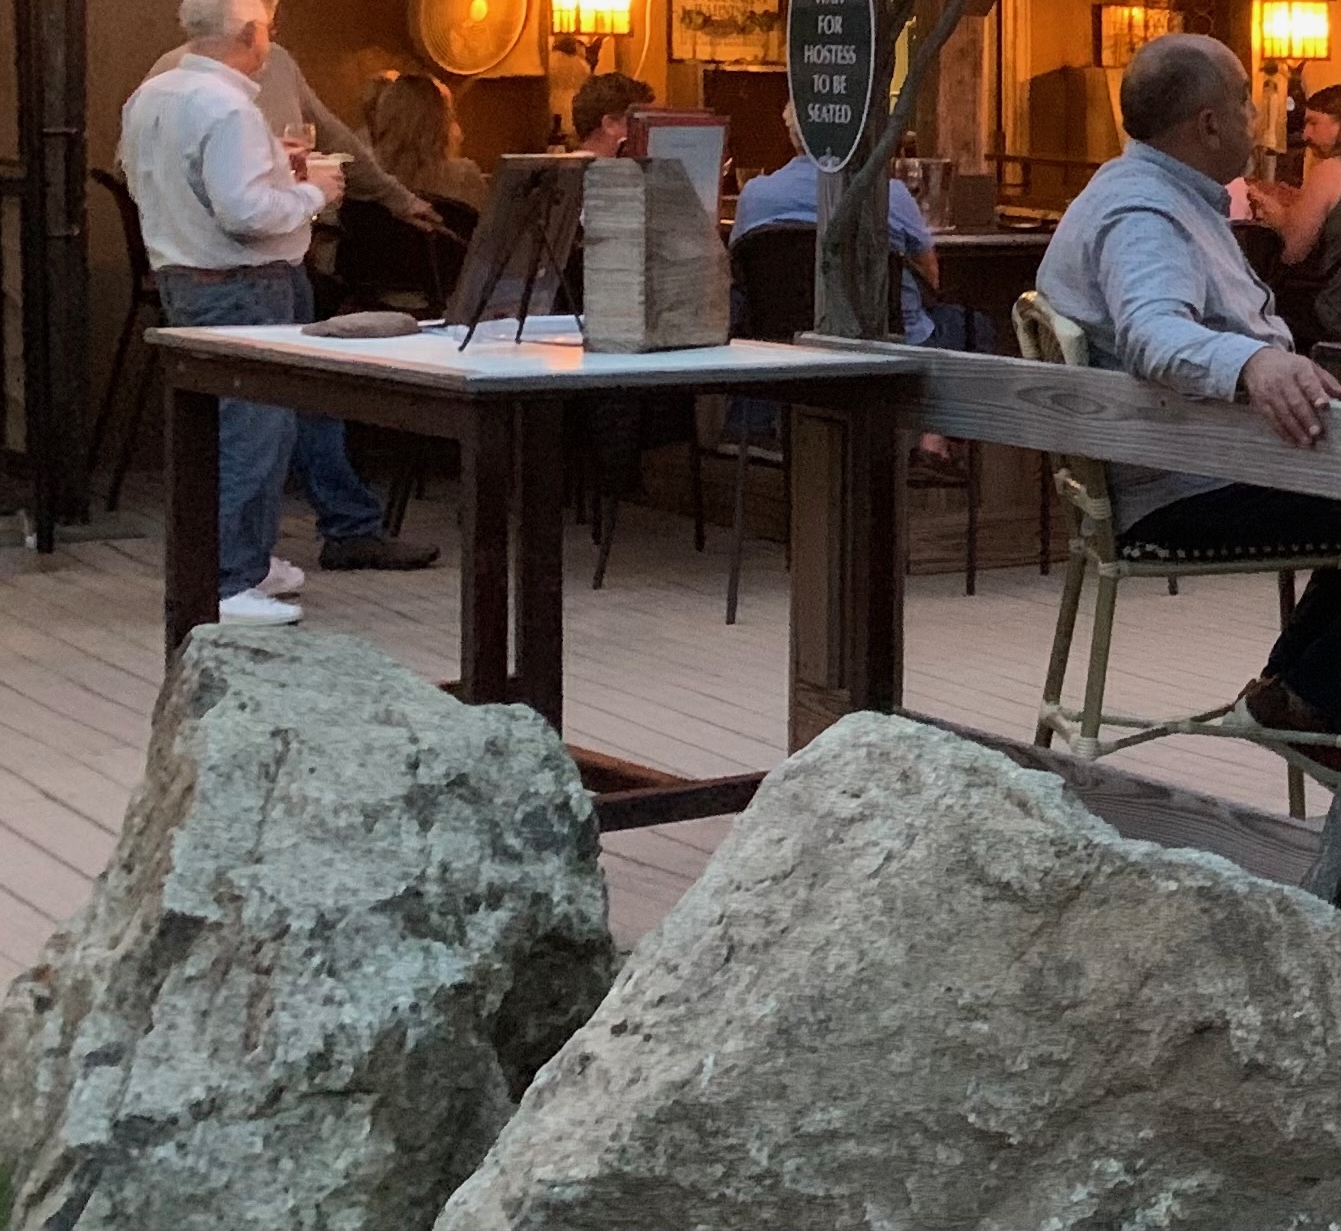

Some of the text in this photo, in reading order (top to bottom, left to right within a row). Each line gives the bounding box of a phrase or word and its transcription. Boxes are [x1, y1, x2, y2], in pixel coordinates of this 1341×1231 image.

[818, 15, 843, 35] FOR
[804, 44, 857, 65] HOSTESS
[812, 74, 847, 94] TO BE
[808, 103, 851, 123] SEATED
■ ■ ■ ■
*REQUIRED WORK:* Repeat each entry above exactly. Omit the pictures.

*OUTPUT OF THE EXERCISE:*
Some of the text in this photo, in reading order (top to bottom, left to right within a row). Each line gives the bounding box of a phrase or word and its transcription. Boxes are [x1, y1, x2, y2], in pixel coordinates of this 1341×1231 image.

[818, 15, 843, 35] FOR
[804, 44, 857, 65] HOSTESS
[812, 74, 847, 94] TO BE
[808, 103, 851, 123] SEATED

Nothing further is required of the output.